Department of Mathematics, Indiana University, Bloomington, Indiana, United States of America.
Department of Statistics, Indiana University, Bloomington, Indiana, United States of America.
PLoS Comput Biol. 2024 Sep 12;20(9):e1012427. doi: 10.1371/journal.pcbi.1012427. eCollection 2024 Sep.
The goal of dimension reduction tools is to construct a low-dimensional representation of high-dimensional data. These tools are employed for a variety of reasons such as noise reduction, visualization, and to lower computational costs. However, there is a fundamental issue that is discussed in other modeling problems that is often overlooked in dimension reduction-overfitting. In the context of other modeling problems, techniques such as feature-selection, cross-validation, and regularization are employed to combat overfitting, but rarely are such precautions taken when applying dimension reduction. Prior applications of the two most popular non-linear dimension reduction methods, t-SNE and UMAP, fail to acknowledge data as a combination of signal and noise when assessing performance. These methods are typically calibrated to capture the entirety of the data, not just the signal. In this paper, we demonstrate the importance of acknowledging noise when calibrating hyperparameters and present a framework that enables users to do so. We use this framework to explore the role hyperparameter calibration plays in overfitting the data when applying t-SNE and UMAP. More specifically, we show previously recommended values for perplexity and n_neighbors are too small and overfit the noise. We also provide a workflow others may use to calibrate hyperparameters in the presence of noise.

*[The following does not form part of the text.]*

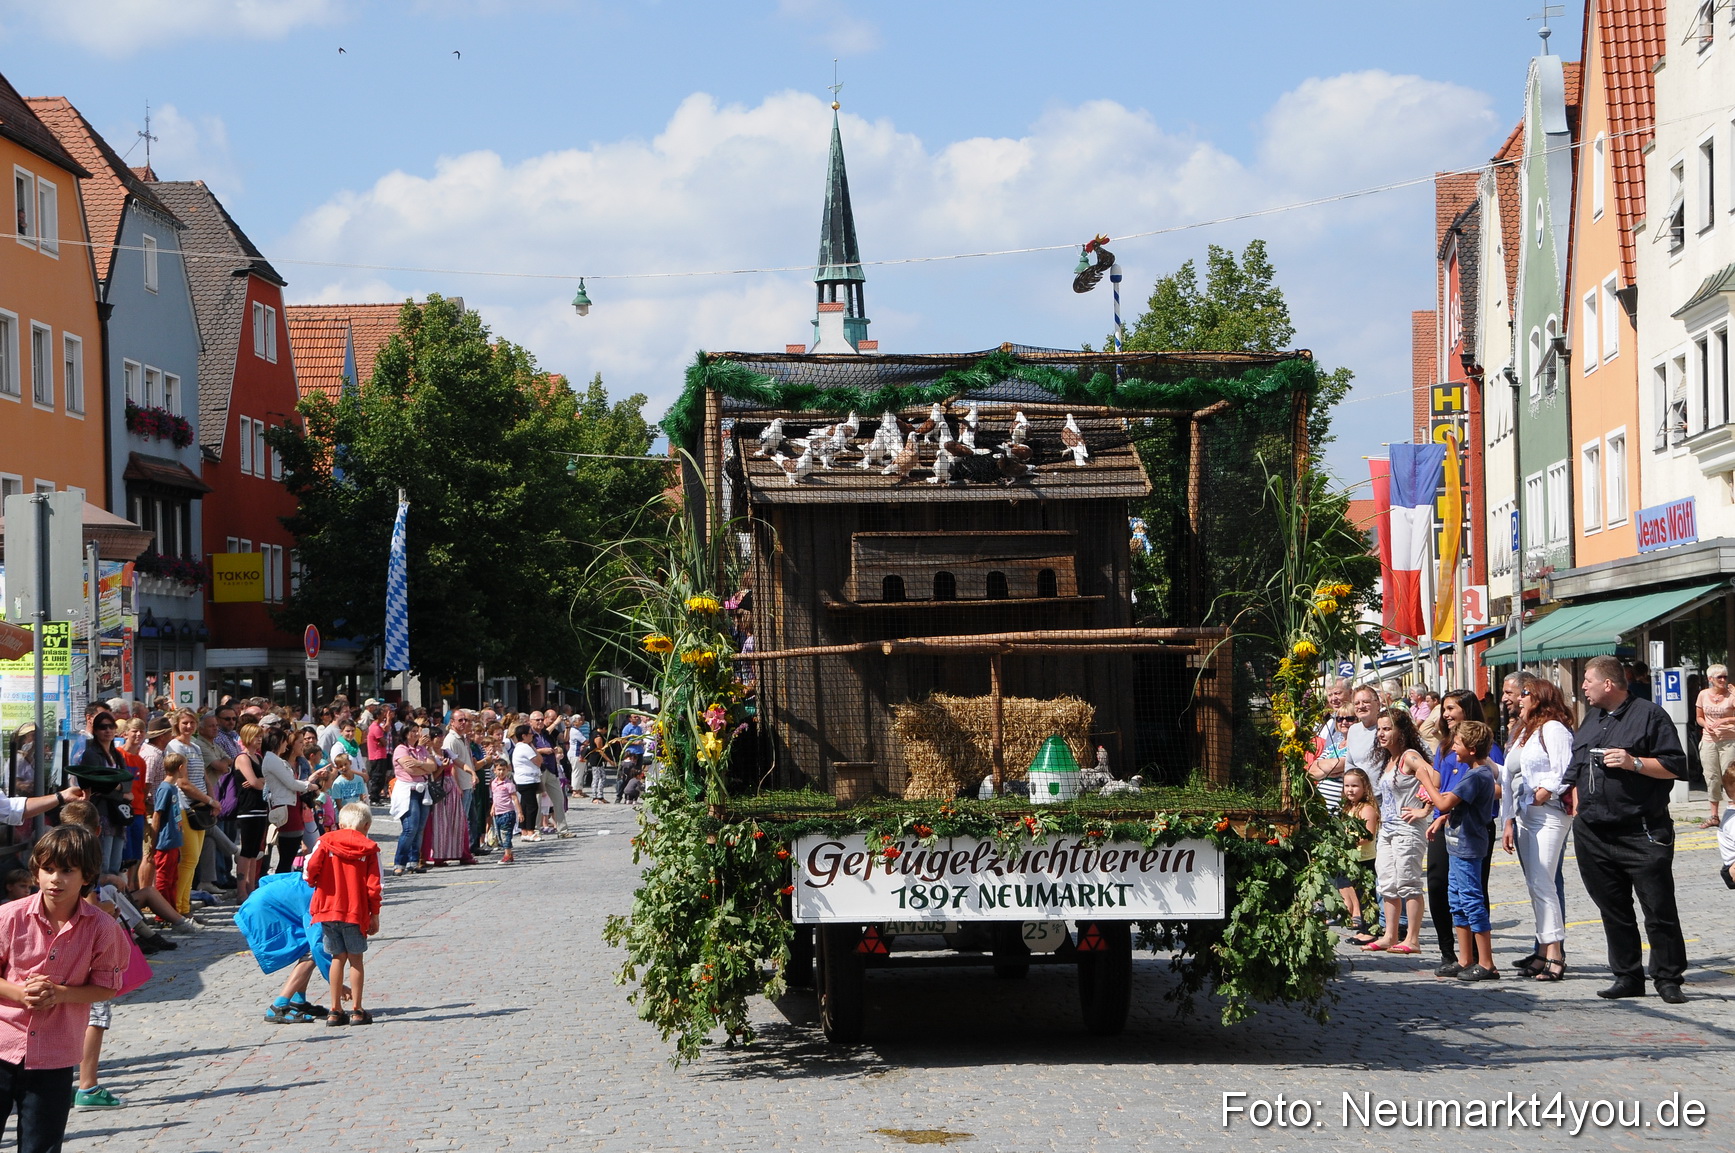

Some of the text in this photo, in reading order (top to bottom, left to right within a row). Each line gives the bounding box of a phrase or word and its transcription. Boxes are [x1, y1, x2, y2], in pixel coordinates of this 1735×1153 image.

[1638, 501, 1695, 547] Jeans Wölfl
[1668, 675, 1678, 689] P
[891, 882, 1134, 910] 1897 NEUMARKT
[1023, 922, 1048, 940] 25

降维工具的目标是构建高维数据的低维表示。这些工具被用于各种原因,如降噪、可视化和降低计算成本。然而,在降维中,有一个在其他建模问题中讨论过但经常被忽视的基本问题,即过拟合。在其他建模问题中,会采用特征选择、交叉验证和正则化等技术来对抗过拟合,但在应用降维时很少采取这些预防措施。两种最流行的非线性降维方法 t-SNE 和 UMAP 的先前应用在评估性能时未能将数据视为信号和噪声的组合。这些方法通常经过校准以捕捉数据的全部内容,而不仅仅是信号。在本文中,我们展示了在调整超参数时承认噪声的重要性,并提出了一个框架,使用户能够做到这一点。我们使用这个框架来探索在应用 t-SNE 和 UMAP 时,超参数校准在数据过拟合中所扮演的角色。具体来说,我们表明先前推荐的困惑度和 n_neighbors 值太小,会过拟合噪声。我们还提供了一个工作流程,其他人可以在存在噪声的情况下使用该流程来校准超参数。